======== Given records ========
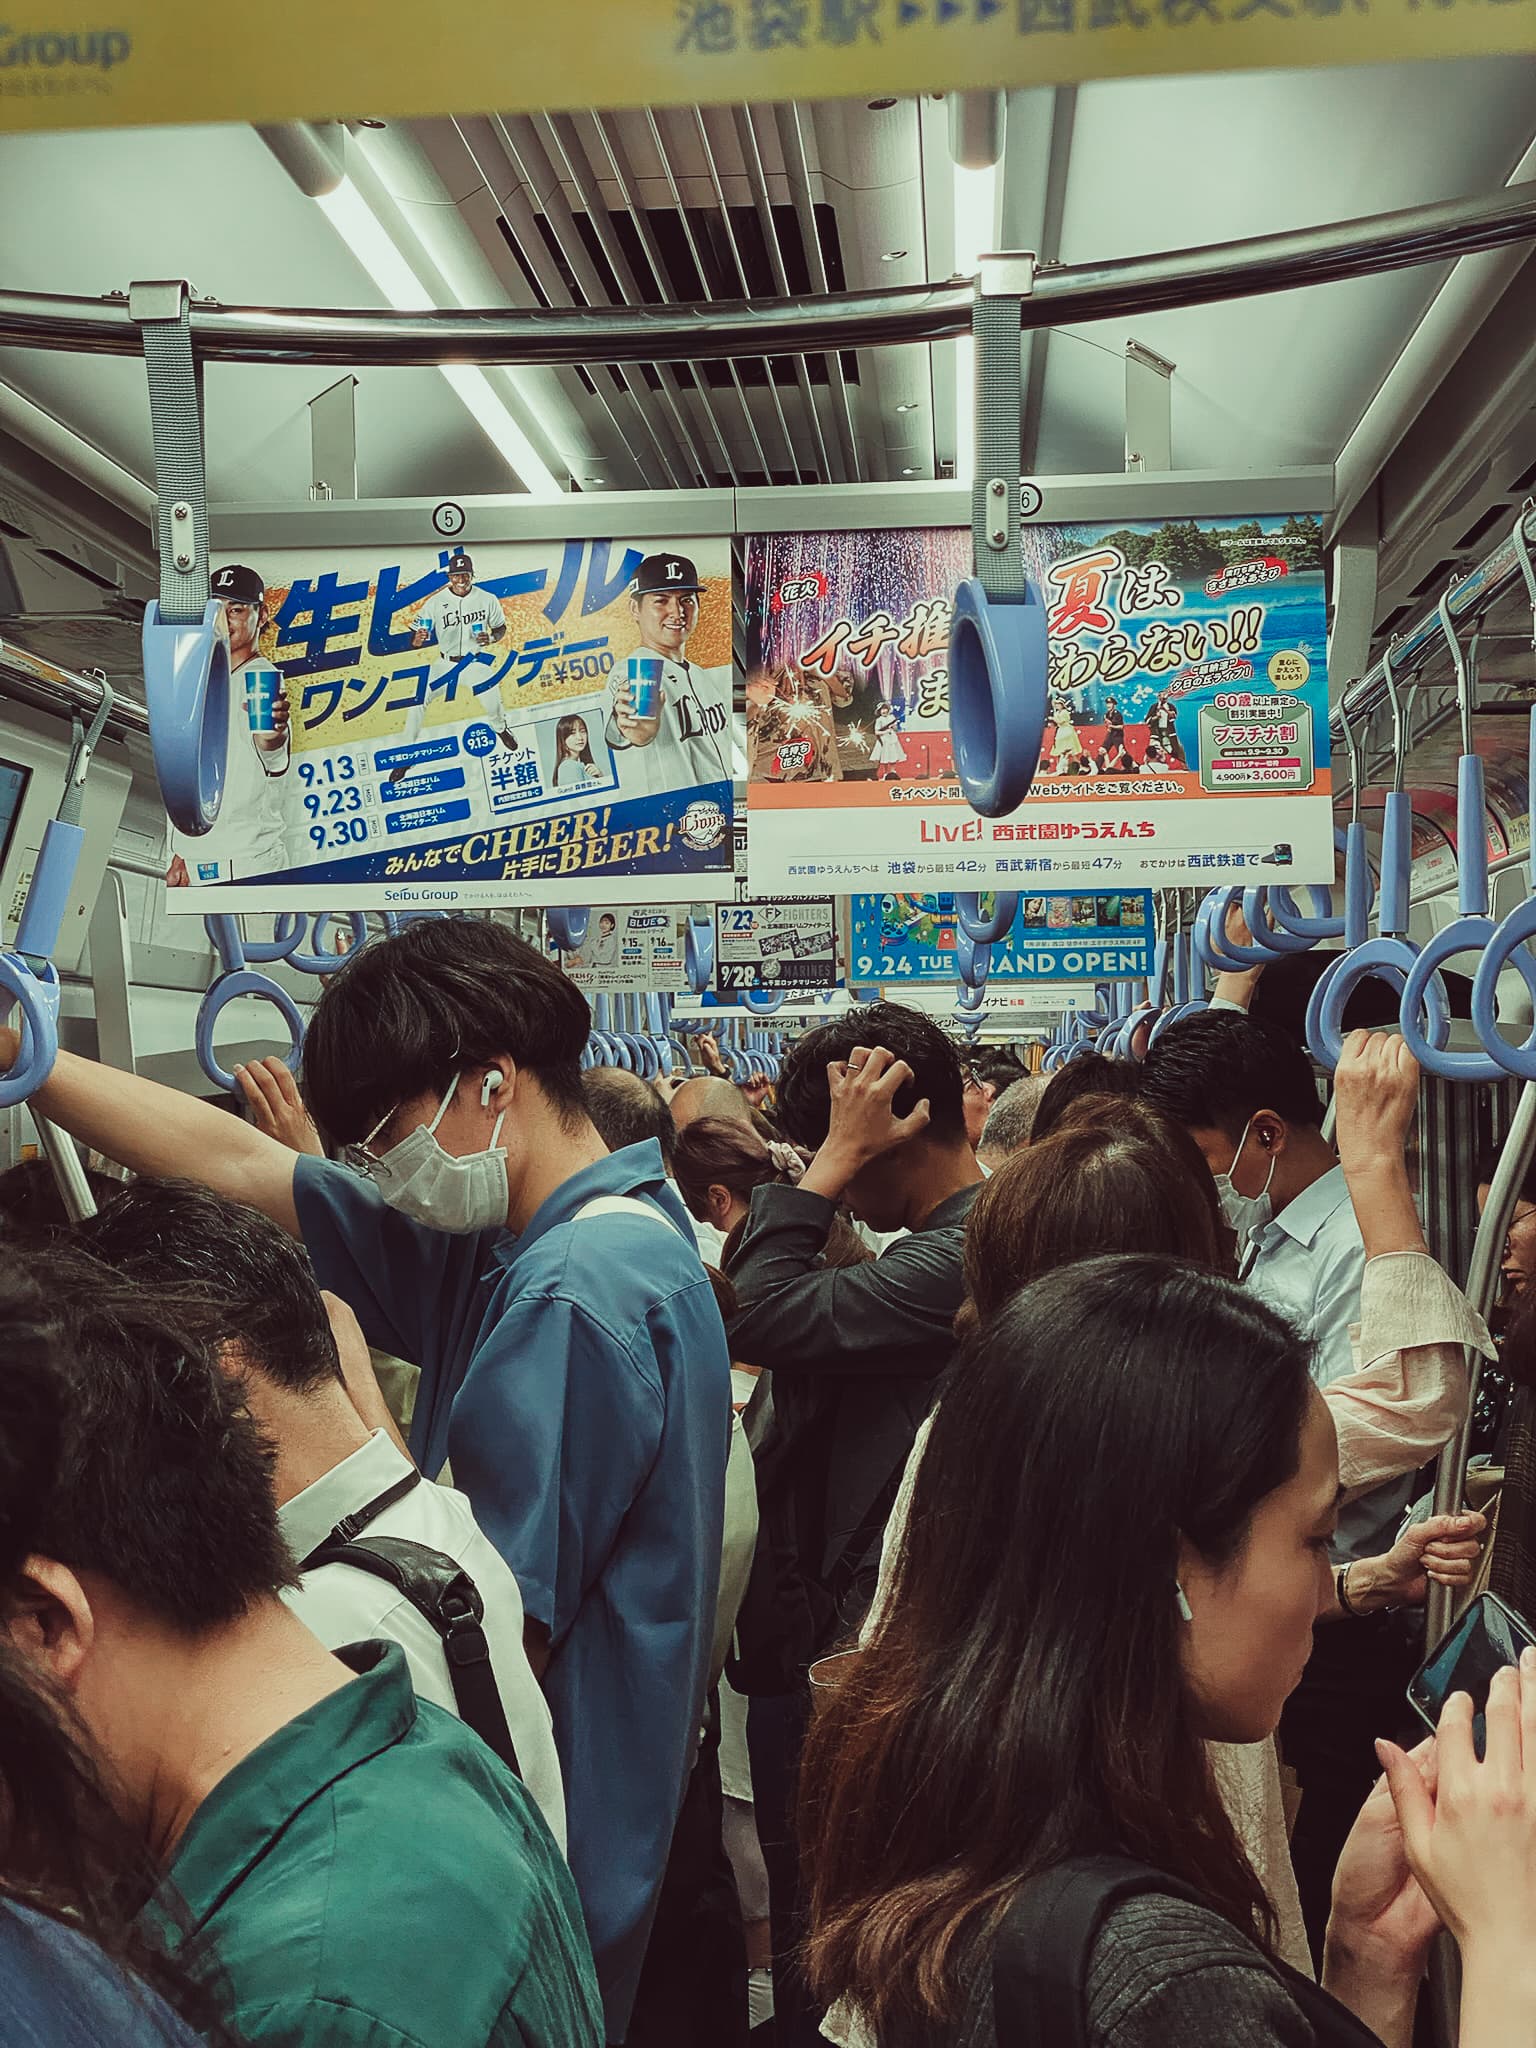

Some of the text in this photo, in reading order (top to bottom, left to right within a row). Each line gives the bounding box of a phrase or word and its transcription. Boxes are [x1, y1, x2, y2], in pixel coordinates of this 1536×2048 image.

[1022, 491, 1030, 508] 6
[445, 510, 454, 527] 5
[217, 569, 234, 587] L
[665, 562, 684, 581] L
[781, 581, 818, 601] 花火
[1048, 607, 1262, 690] わらない!!
[552, 652, 615, 684] ¥500
[303, 632, 609, 731] ワンコインデー
[1215, 726, 1295, 742] プラチナ割
[489, 747, 536, 768] チケット
[298, 755, 355, 788] 9.13
[490, 761, 539, 791] 半額
[1252, 769, 1296, 780] 3,600円
[303, 786, 362, 819] 9.23
[309, 817, 368, 850] 9.30
[992, 821, 1156, 841] 西武園ゆうえんち
[384, 888, 458, 901] Seibu Group
[629, 918, 656, 927] BLUE
[721, 909, 754, 930] 9/23
[783, 908, 829, 921] FIGHTERS
[857, 956, 913, 975] 9.24
[919, 956, 952, 969] TUE
[1062, 951, 1147, 973] OPEN!
[721, 965, 756, 987] 9/28
========
Work request - When copying the entries, drop the images and keep every line exact.

Task response -
Some of the text in this photo, in reading order (top to bottom, left to right within a row). Each line gives the bounding box of a phrase or word and its transcription. Boxes are [x1, y1, x2, y2], in pixel coordinates of this 1536×2048 image.

[1022, 491, 1030, 508] 6
[445, 510, 454, 527] 5
[217, 569, 234, 587] L
[665, 562, 684, 581] L
[781, 581, 818, 601] 花火
[1048, 607, 1262, 690] わらない!!
[552, 652, 615, 684] ¥500
[303, 632, 609, 731] ワンコインデー
[1215, 726, 1295, 742] プラチナ割
[489, 747, 536, 768] チケット
[298, 755, 355, 788] 9.13
[490, 761, 539, 791] 半額
[1252, 769, 1296, 780] 3,600円
[303, 786, 362, 819] 9.23
[309, 817, 368, 850] 9.30
[992, 821, 1156, 841] 西武園ゆうえんち
[384, 888, 458, 901] Seibu Group
[629, 918, 656, 927] BLUE
[721, 909, 754, 930] 9/23
[783, 908, 829, 921] FIGHTERS
[857, 956, 913, 975] 9.24
[919, 956, 952, 969] TUE
[1062, 951, 1147, 973] OPEN!
[721, 965, 756, 987] 9/28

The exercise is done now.